# Problem:
Every entry below should be reproduced exactly, with all pictures left out.

# Entries supplied:
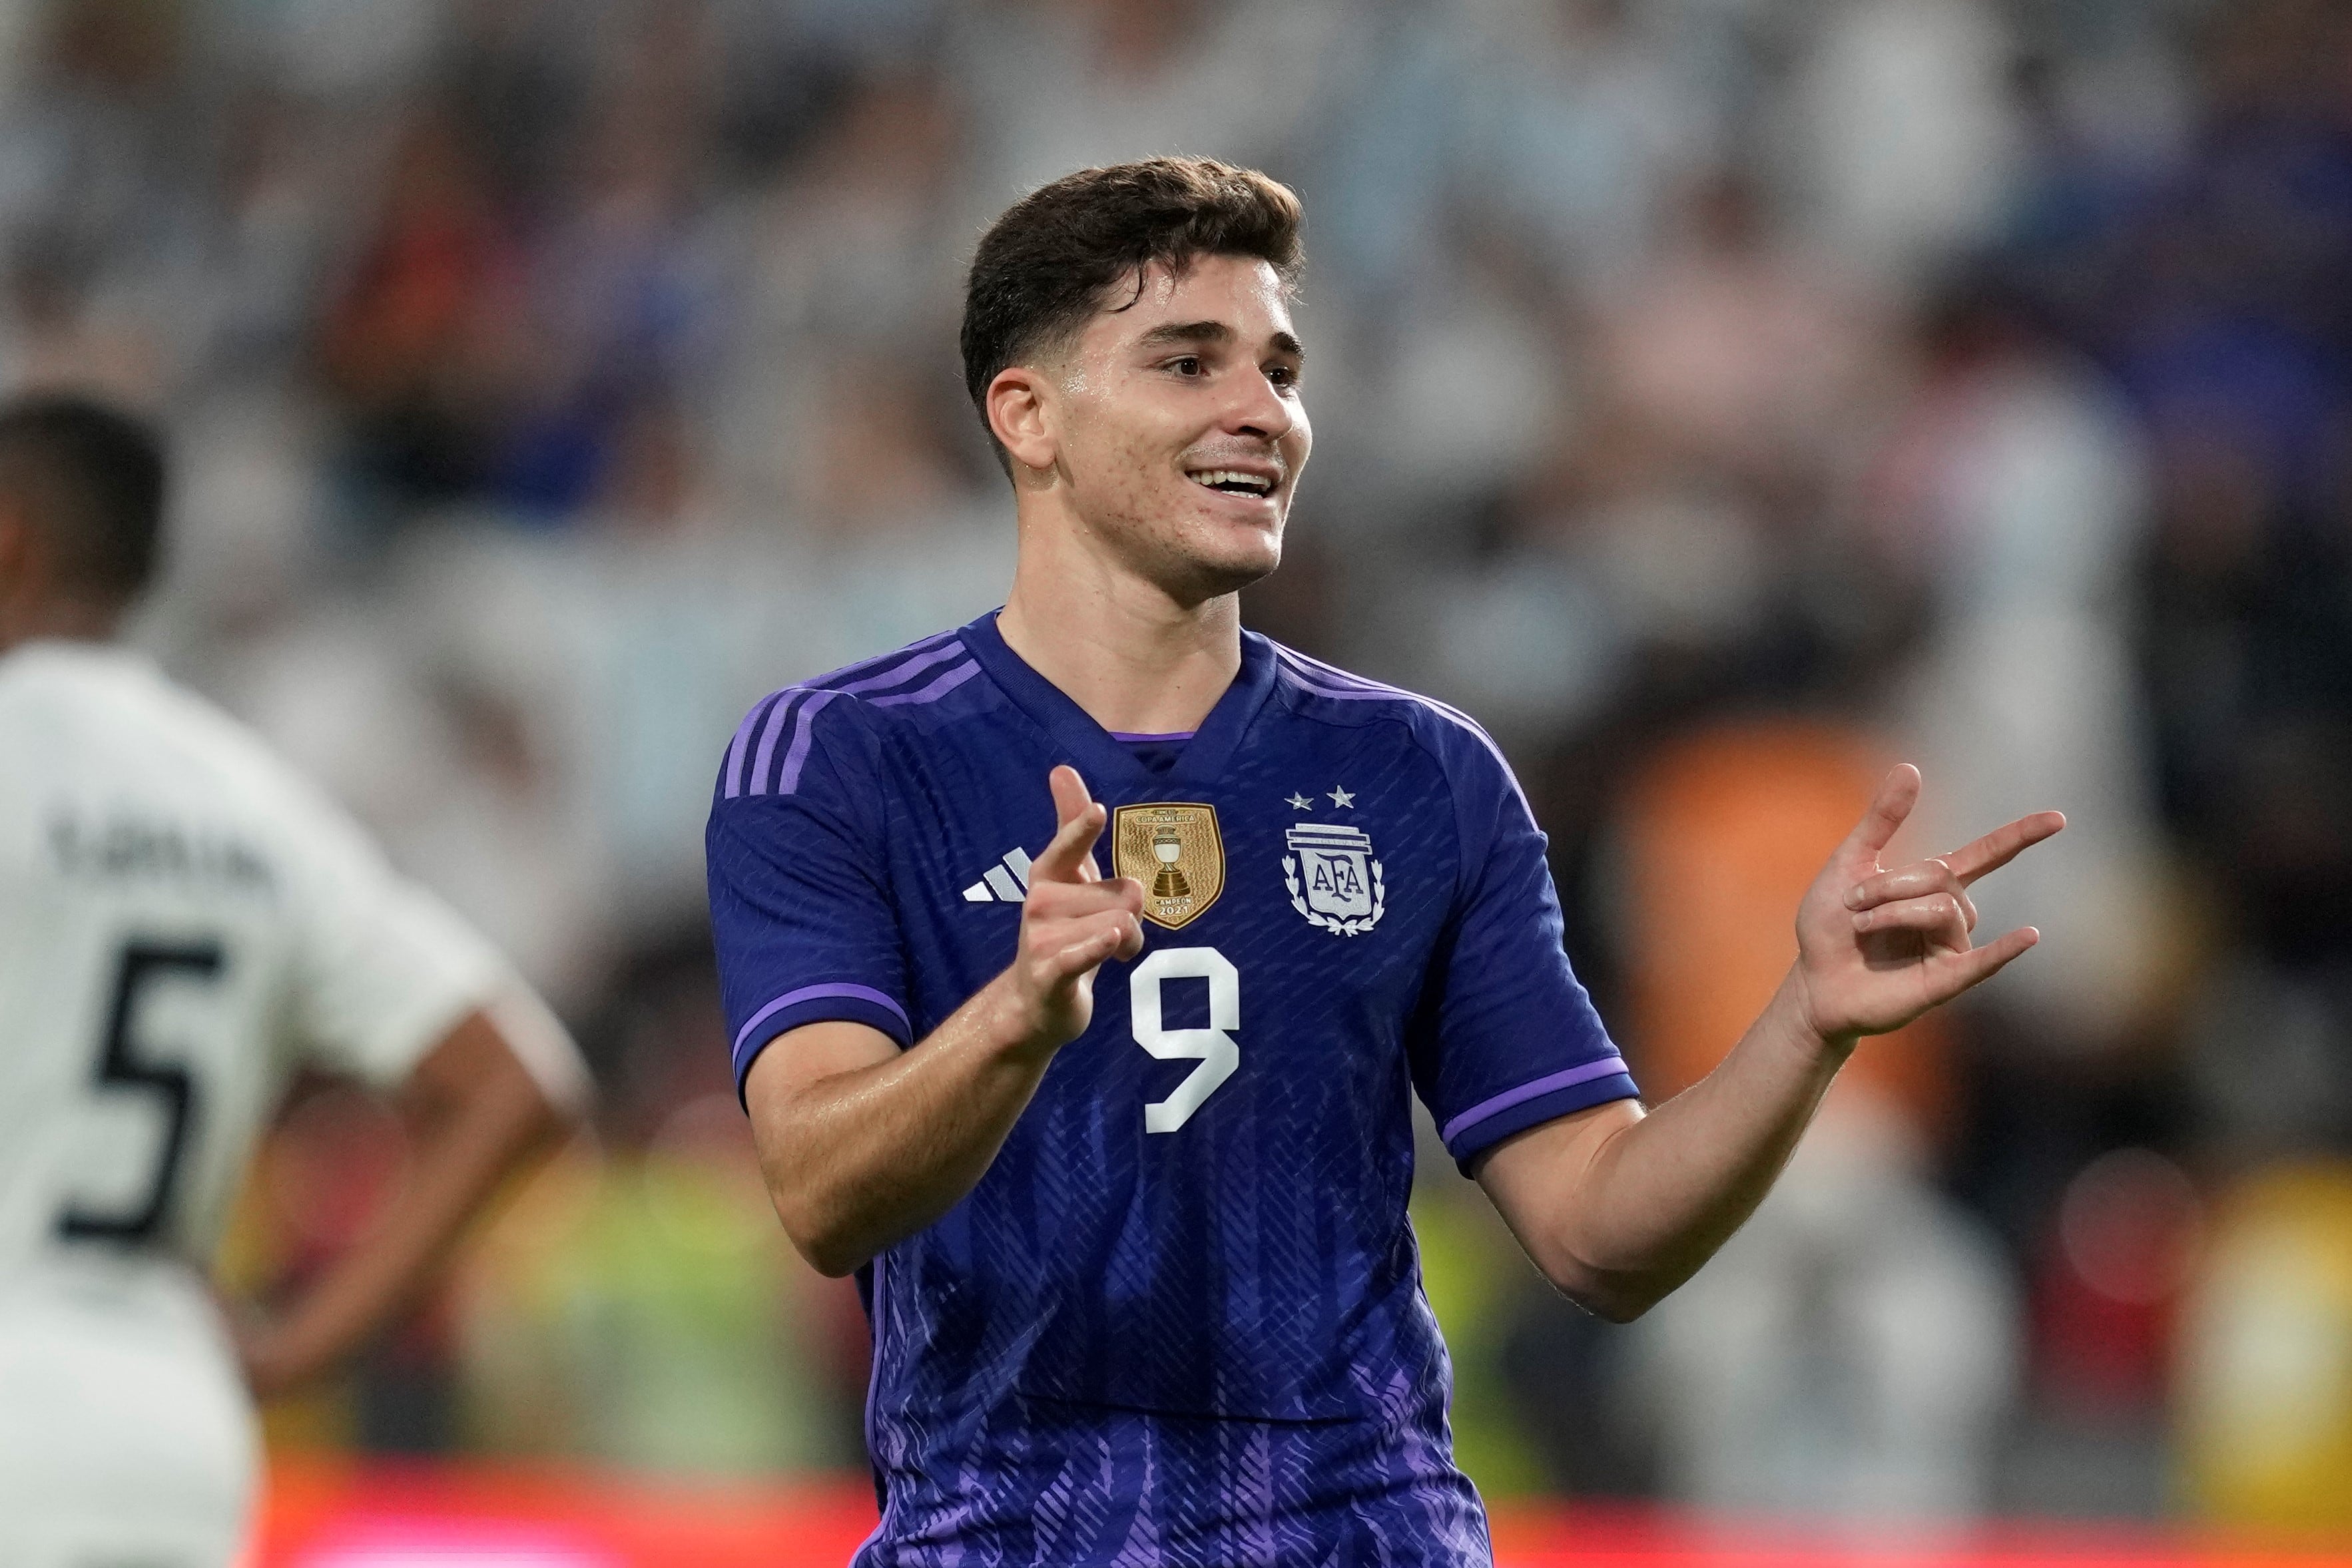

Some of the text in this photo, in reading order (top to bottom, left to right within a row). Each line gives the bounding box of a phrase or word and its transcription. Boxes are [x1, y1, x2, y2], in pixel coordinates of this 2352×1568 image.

[1159, 906, 1188, 915] 2021
[1313, 852, 1364, 902] AFA
[54, 935, 224, 1241] 5
[1130, 947, 1239, 1133] 9
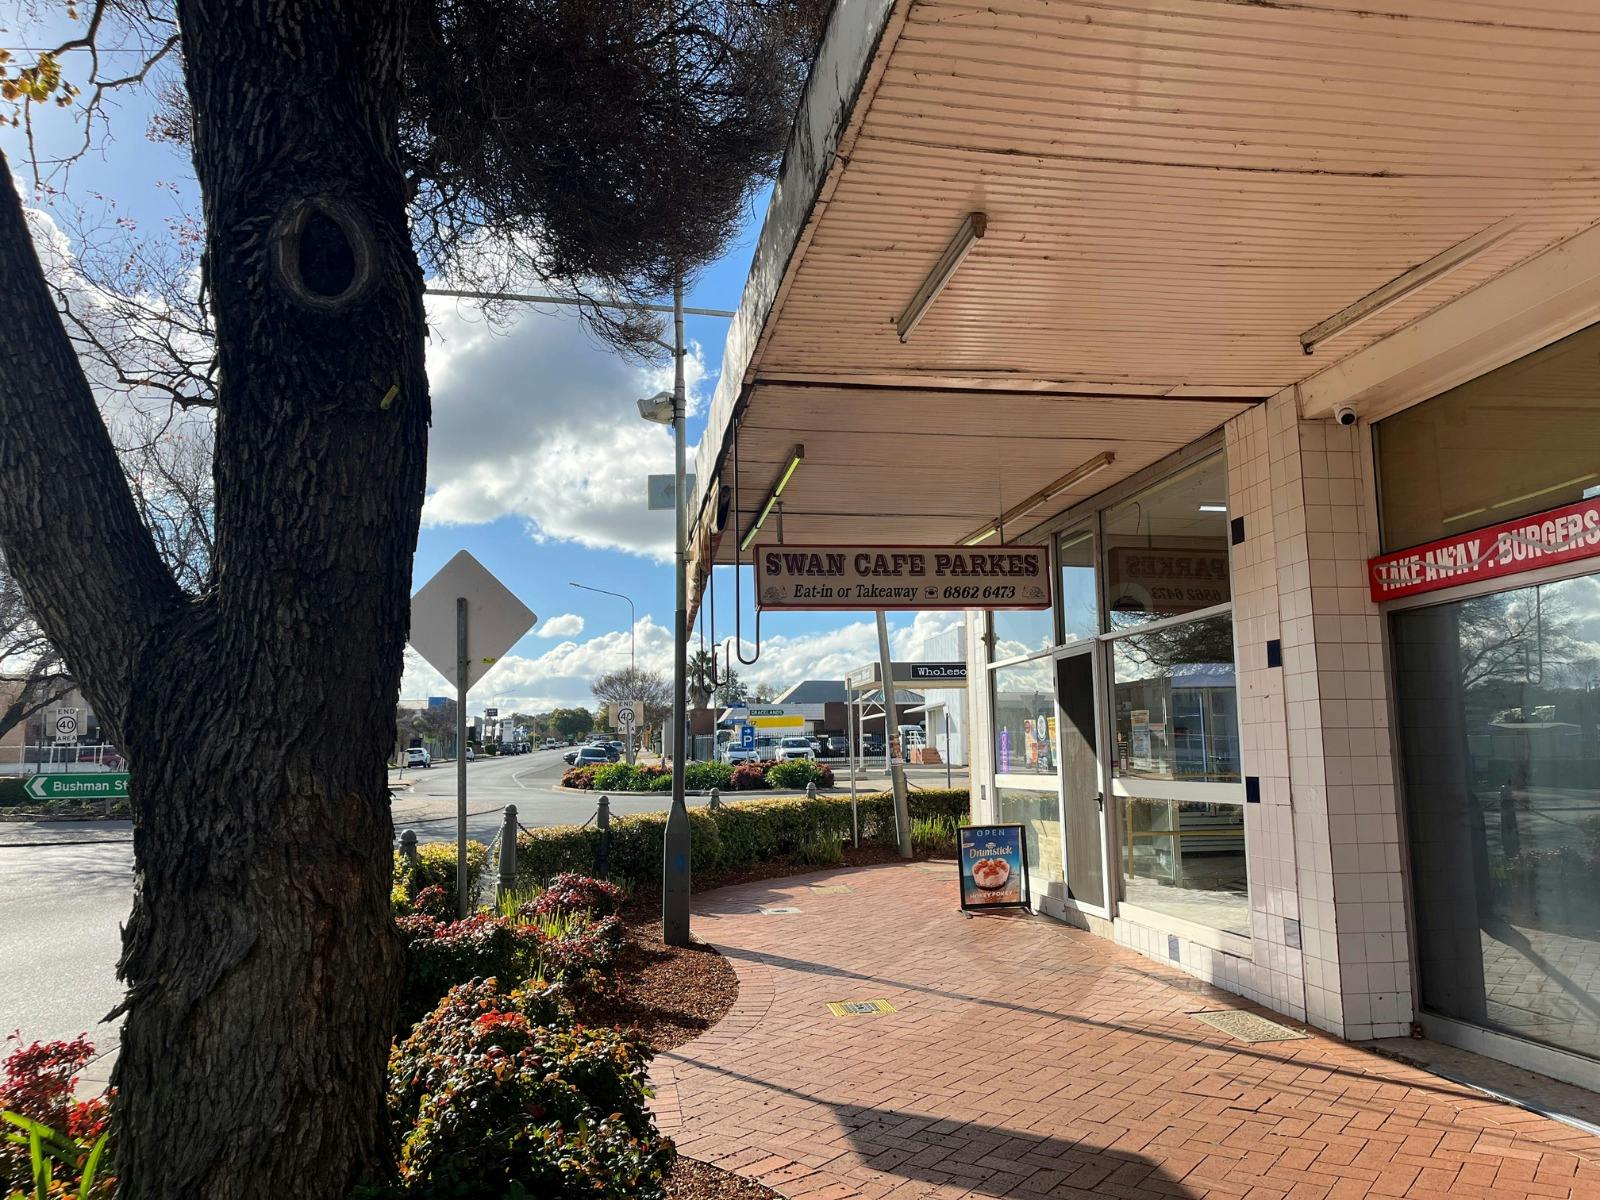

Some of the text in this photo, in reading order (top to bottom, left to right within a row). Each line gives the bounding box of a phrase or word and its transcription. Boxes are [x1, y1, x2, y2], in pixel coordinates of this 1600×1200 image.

[1379, 509, 1600, 591] TAKE AWAY BURGERS
[765, 552, 1040, 577] SWAN CAFE PARKES
[793, 584, 1016, 601] Eat-in or Takeaway 6862 6473
[620, 712, 633, 721] 40
[59, 720, 75, 730] 40
[743, 735, 753, 747] P
[53, 780, 128, 792] Bushman St
[976, 829, 1005, 837] OPEN
[969, 845, 1013, 859] Drumstick
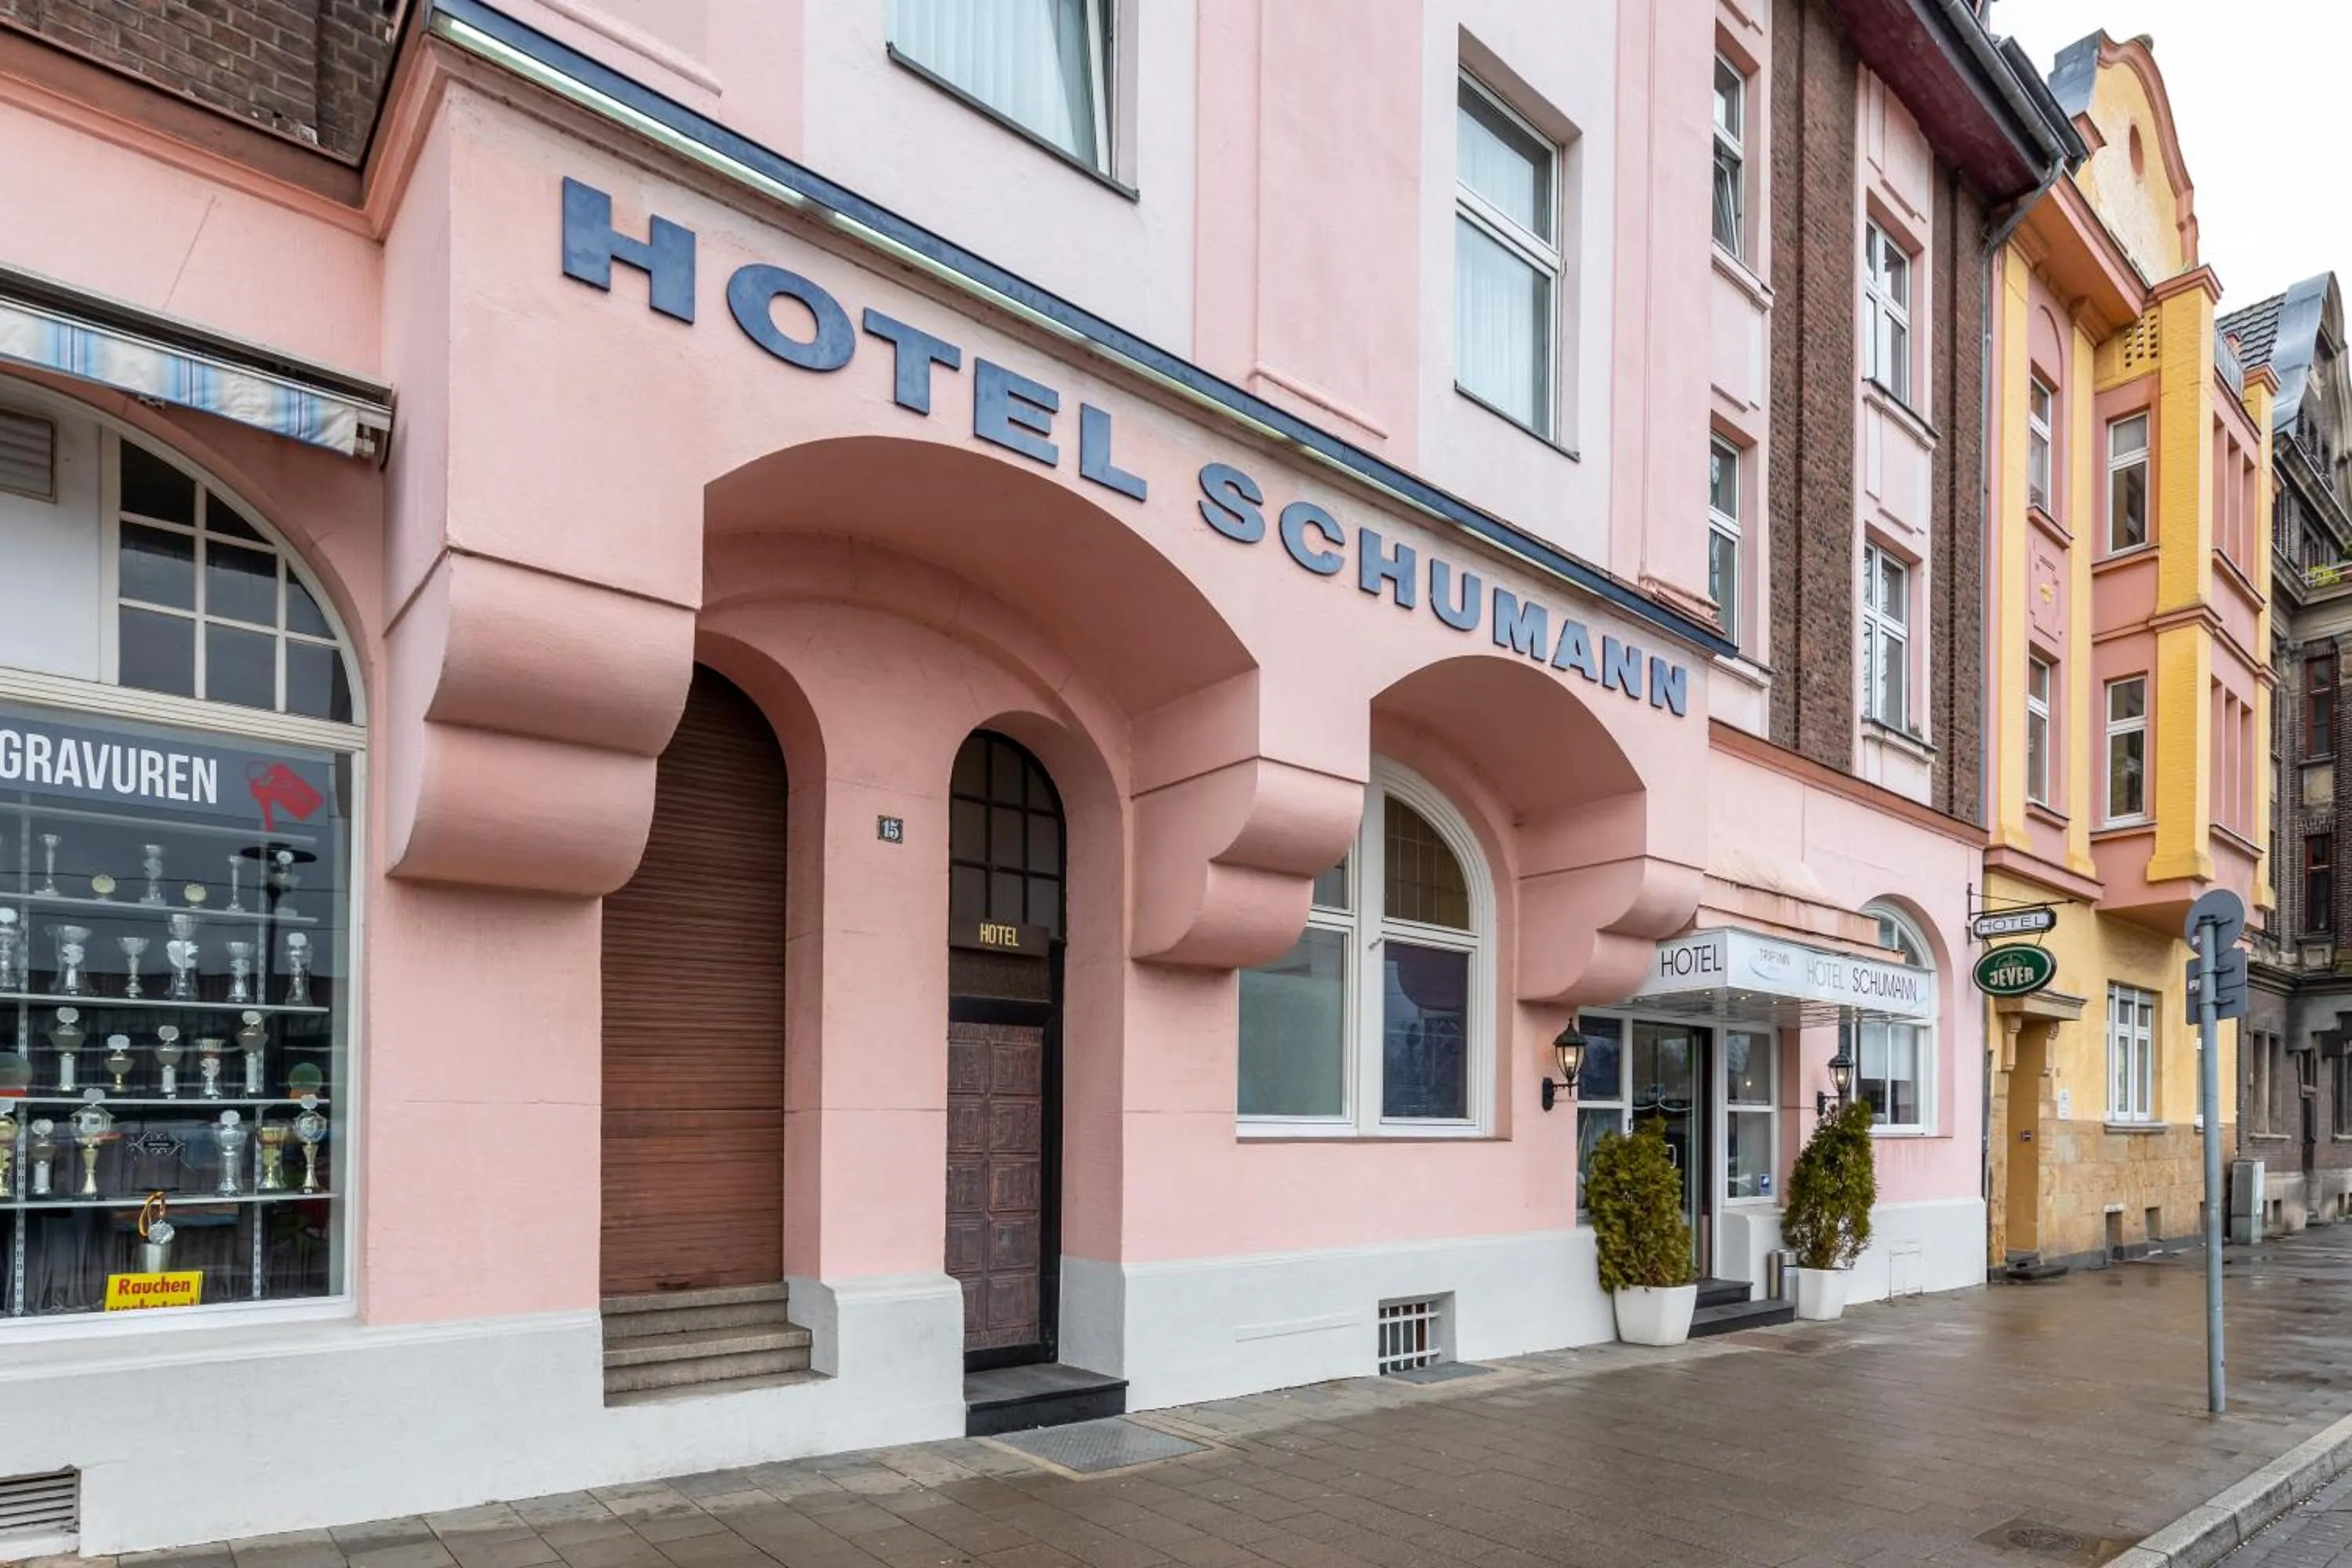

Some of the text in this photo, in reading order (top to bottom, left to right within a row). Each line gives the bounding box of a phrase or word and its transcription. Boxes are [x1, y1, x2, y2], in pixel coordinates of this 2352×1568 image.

[562, 176, 1688, 717] HOTEL SCHUMANN
[0, 730, 217, 804] GRAVUREN
[883, 820, 899, 839] 15
[980, 922, 1019, 947] HOTEL
[1980, 915, 2045, 931] HOTEL
[1661, 943, 1722, 978] HOTEL
[1806, 958, 1918, 1002] HOTEL SCHUMANN
[1989, 967, 2034, 987] JEVER
[118, 1276, 191, 1295] Rauchen

# Task answer:
Some of the text in this photo, in reading order (top to bottom, left to right within a row). Each line gives the bounding box of a phrase or word and its transcription. Boxes are [x1, y1, x2, y2], in pixel coordinates of this 2352×1568 image.

[1159, 906, 1188, 915] 2021
[1313, 852, 1364, 902] AFA
[54, 935, 224, 1241] 5
[1130, 947, 1239, 1133] 9

Some of the text in this photo, in reading order (top to bottom, left to right within a row). Each line gives the bounding box of a phrase or word and its transcription. Boxes are [x1, y1, x2, y2], in pixel coordinates of this 1600×1200 image.

[1379, 509, 1600, 591] TAKE AWAY BURGERS
[765, 552, 1040, 577] SWAN CAFE PARKES
[793, 584, 1016, 601] Eat-in or Takeaway 6862 6473
[620, 712, 633, 721] 40
[59, 720, 75, 730] 40
[743, 735, 753, 747] P
[53, 780, 128, 792] Bushman St
[976, 829, 1005, 837] OPEN
[969, 845, 1013, 859] Drumstick

Some of the text in this photo, in reading order (top to bottom, left to right within a row). Each line gives the bounding box of a phrase or word and its transcription. Boxes are [x1, y1, x2, y2], in pixel coordinates of this 2352×1568 image.

[562, 176, 1688, 717] HOTEL SCHUMANN
[0, 730, 217, 804] GRAVUREN
[883, 820, 899, 839] 15
[980, 922, 1019, 947] HOTEL
[1980, 915, 2045, 931] HOTEL
[1661, 943, 1722, 978] HOTEL
[1806, 958, 1918, 1002] HOTEL SCHUMANN
[1989, 967, 2034, 987] JEVER
[118, 1276, 191, 1295] Rauchen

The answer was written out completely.